Because all‐cause mortality was evaluated, we may have overestimated the incidence of death due to PAH among patients with CTD‐PAH. These patients were older and experienced a greater comorbidity burden compared to the overall PAH population. As such, these patients were possibly frailer and may have died from causes other than PAH. Although registries are subject to bias, these sources of long‐term data and larger sample size were deemed important to include in order to provide prolonged survival data unavailable from RCTs. Current guidelines now recommend combination therapy and more intensive therapy regardless of PAH etiology (53), and our meta‐analysis of registries provides evidence suggesting that the modern approach to treatment focuses on improving survival in CTD‐PAH. Nonetheless, survival remains lower for these patients, highlighting the need for continued research into the best treatment approaches and screening programs to promote early diagnosis and prompt management. Additional avenues for research to improve outcomes in this population include standardized reporting of comorbidities, which can substantially impact outcomes in CTD‐PAH as well as in PAH of other etiologies (54). Identification of comorbidities is further complicated by the lack of a consensus definition for significant interstitial lung disease in SSc. An additional area of focus should be standardized reporting of baseline risk profiles, since data suggest that patients with CTD‐PAH are at greater risk of death despite a less severe hemodynamic phenotype (5,55). Identification of clinically relevant changes in outcome measures, which may differ among PAH subtypes, would also be helpful. Finally, the era of personalized medicine may enable smaller study sizes and, ultimately, facilitate the discovery of treatment approaches that would yield a greater benefit within CTD‐PAH populations.

A strength of our meta‐analyses is the inclusion of only trials evaluating therapies that are approved for PAH treatment. By limiting the RCTs to only those with approved therapies, the results better reflect the benefit that can be observed in real‐world settings. In addition, our meta‐analysis of RCTs assessed the impact of current PAH treatments on morbidity and mortality, as endorsed by the 6th World Symposium on Pulmonary Hypertension (53). A limitation of our meta‐analysis of RCTs was that definitions of a clinical morbidity/mortality event (as listed in Supplementary Table 1 [http://onlin​elibr​ary.wiley.com/doi/10.1002/art.41669/​abstract]) varied to a limited extent across studies.

A limitation of our meta‐analysis of registries was the limited availability of studies that enrolled patients from 2015 onward, which would provide a survival estimate consistent with that observed in modern clinical practice.

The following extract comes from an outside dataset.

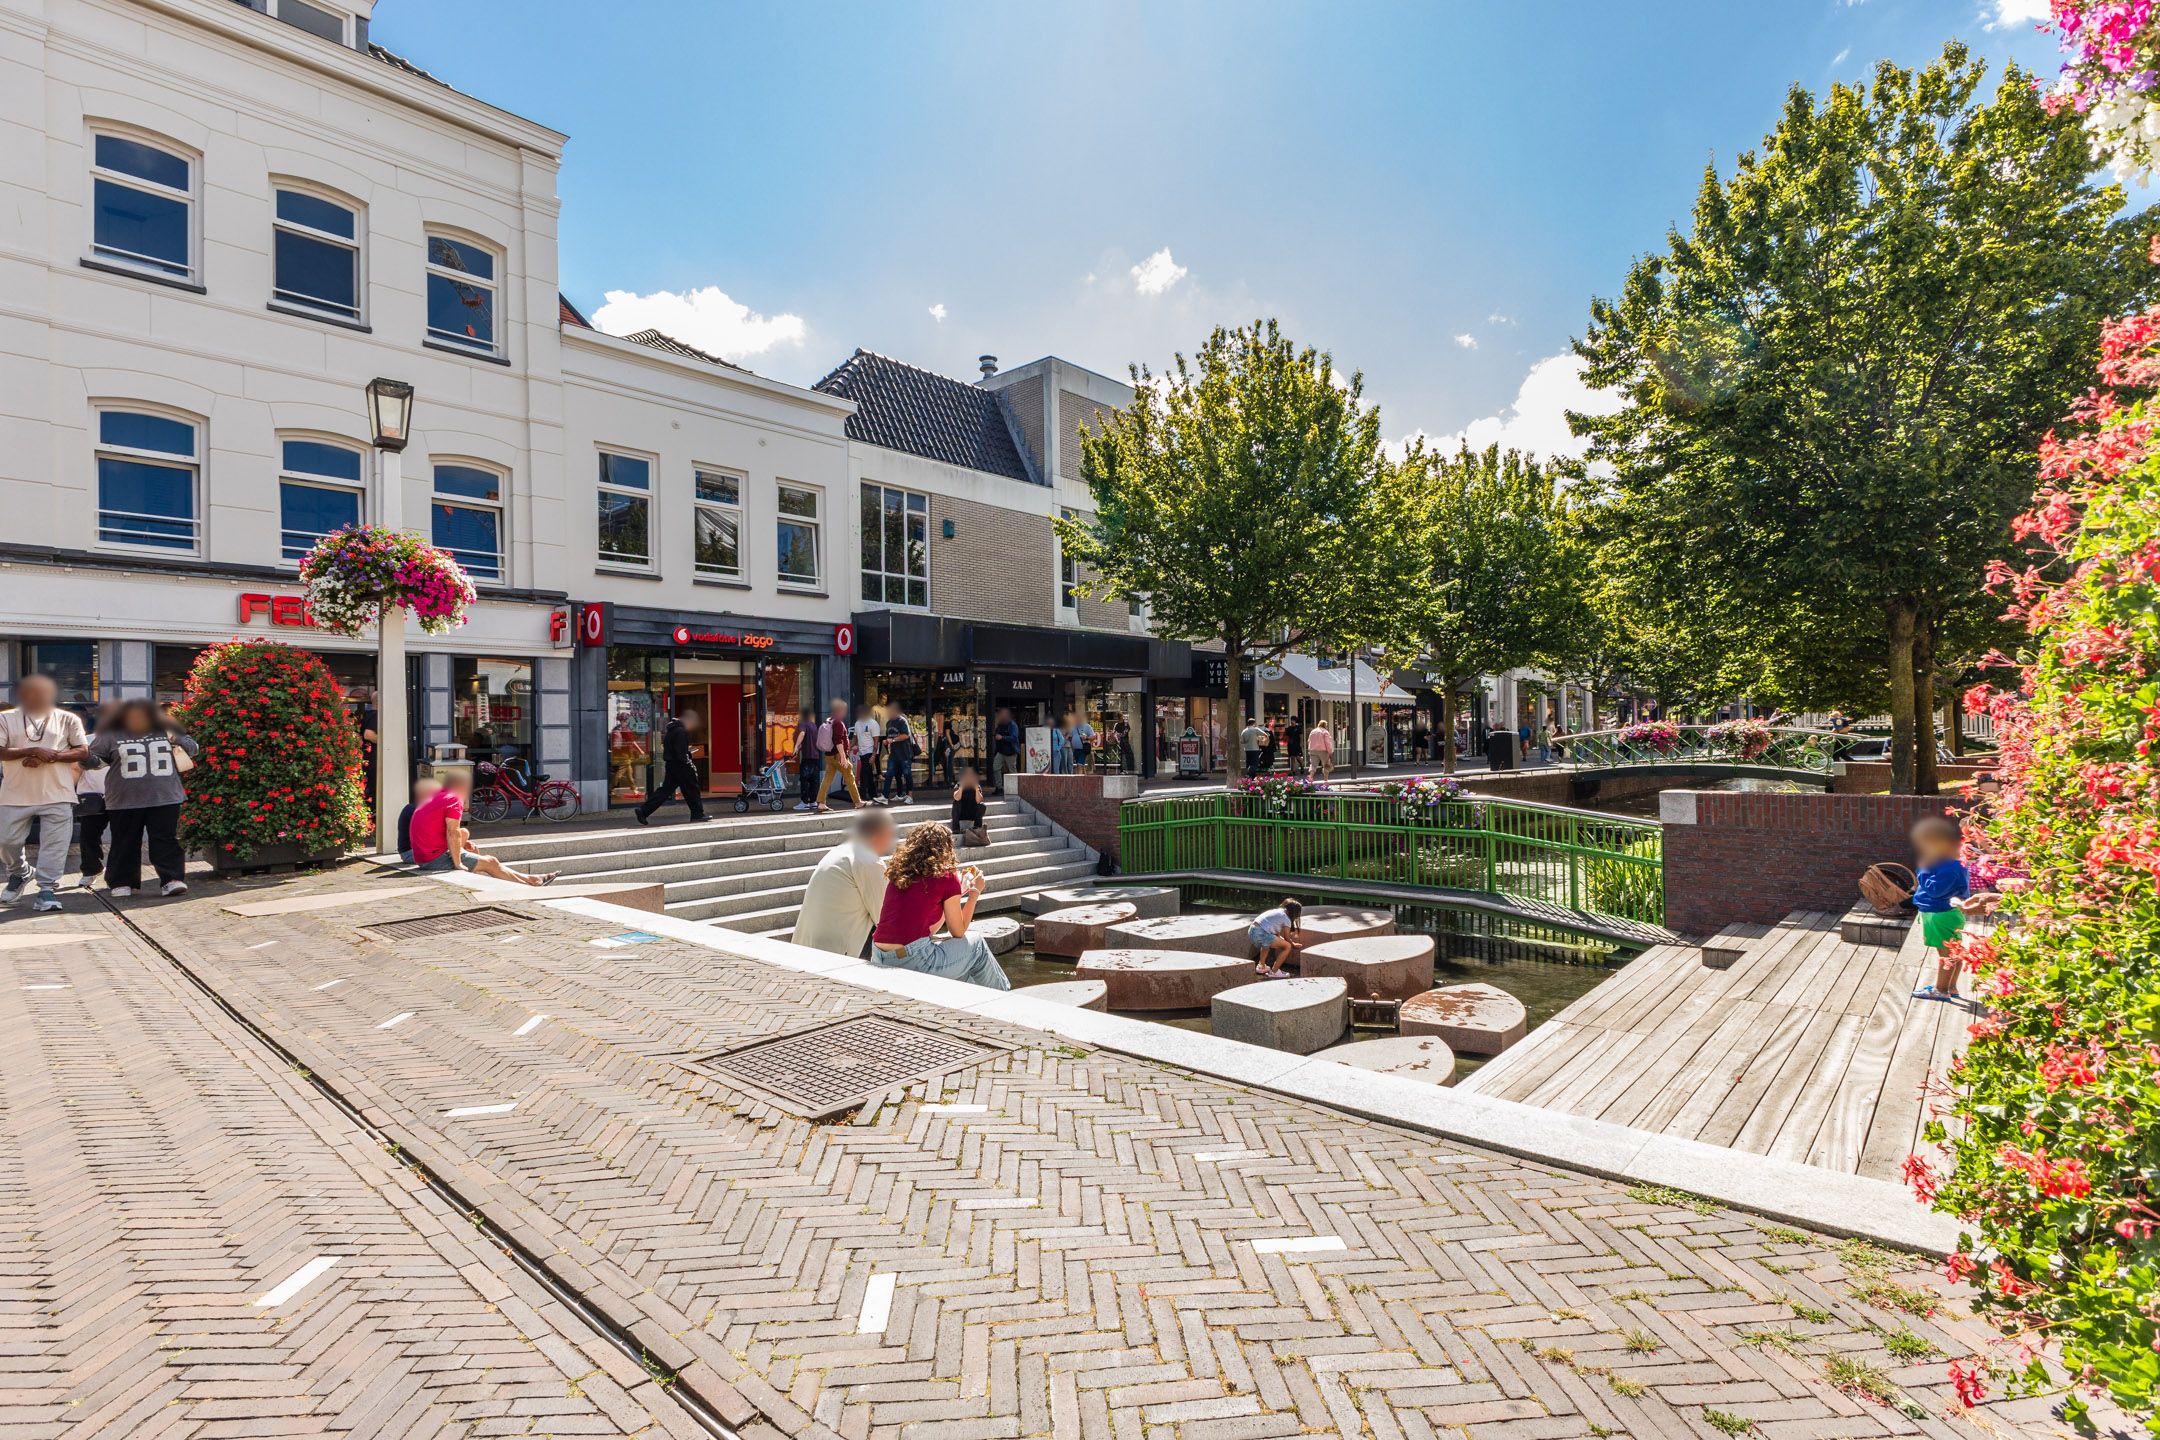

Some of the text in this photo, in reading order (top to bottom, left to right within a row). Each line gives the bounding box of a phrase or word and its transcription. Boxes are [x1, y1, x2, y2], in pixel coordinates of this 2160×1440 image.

In all analyses, the overall PAH population to which we compared the CTD‐PAH population included patients with CTD‐PAH, because not all studies provided IPAH‐specific data. However, sensitivity analyses of RCTs that provided IPAH‐specific data demonstrated similar trends in patients with IPAH compared to those with CTD‐PAH as had been observed for the comparison between all PAH etiologies and CTD‐PAH.

An additional limitation is that it is unknown to what extent the treatment effect is influenced by different background therapies, potential variability in exposure to therapies, concomitant medications (such as immunosuppressants), as well as different proportions of newly and previously diagnosed patients in the study populations. Finally, the diagnosis of PAH was accepted on the basis of the criteria used in each study or registry; it is possible that underlying conditions, such as pulmonary veno‐occlusive disease and concomitant interstitial lung disease, were present and to differing degrees among the various studies. A limitation of our search methodology was that we did not search additional databases beyond PubMed and Embase. As noted, however, we do not expect any differences in outcomes as a result of this, given the parameters of our meta‐analyses, the rarity of this disease state, and the relatively small number of studies reporting data separately for the subset of patients with CTD‐PAH.

In conclusion, these complementary meta‐analyses of RCTs and observational disease registries demonstrated that with modern PAH treatments, patients with CTD‐PAH had a similar reduction in the risk of clinical morbidity and mortality events when compared to the overall PAH population. The improvement in the 6MWD in patients with CTD‐PAH appeared smaller than in those with other types of PAH, perhaps reflecting comorbidities (such as musculoskeletal involvement), independent of their cardiopulmonary capacity. Patients with CTD‐PAH have a higher risk of death than the overall PAH population; however, survival has improved among this subgroup treated in the last 10 years compared to earlier cohorts. Patients with SSc have worse survival rates than those with SLE. Given the high risk of mortality in these patients, early detection and up‐front aggressive treatment are warranted (56).

AUTHOR CONTRIBUTIONS

All authors were involved in drafting the article or revising it critically for important intellectual content, and all authors approved the final version to be published. Dr. Khanna had full access to all of the data in the study and takes responsibility for the integrity of the data and the accuracy of the data analysis.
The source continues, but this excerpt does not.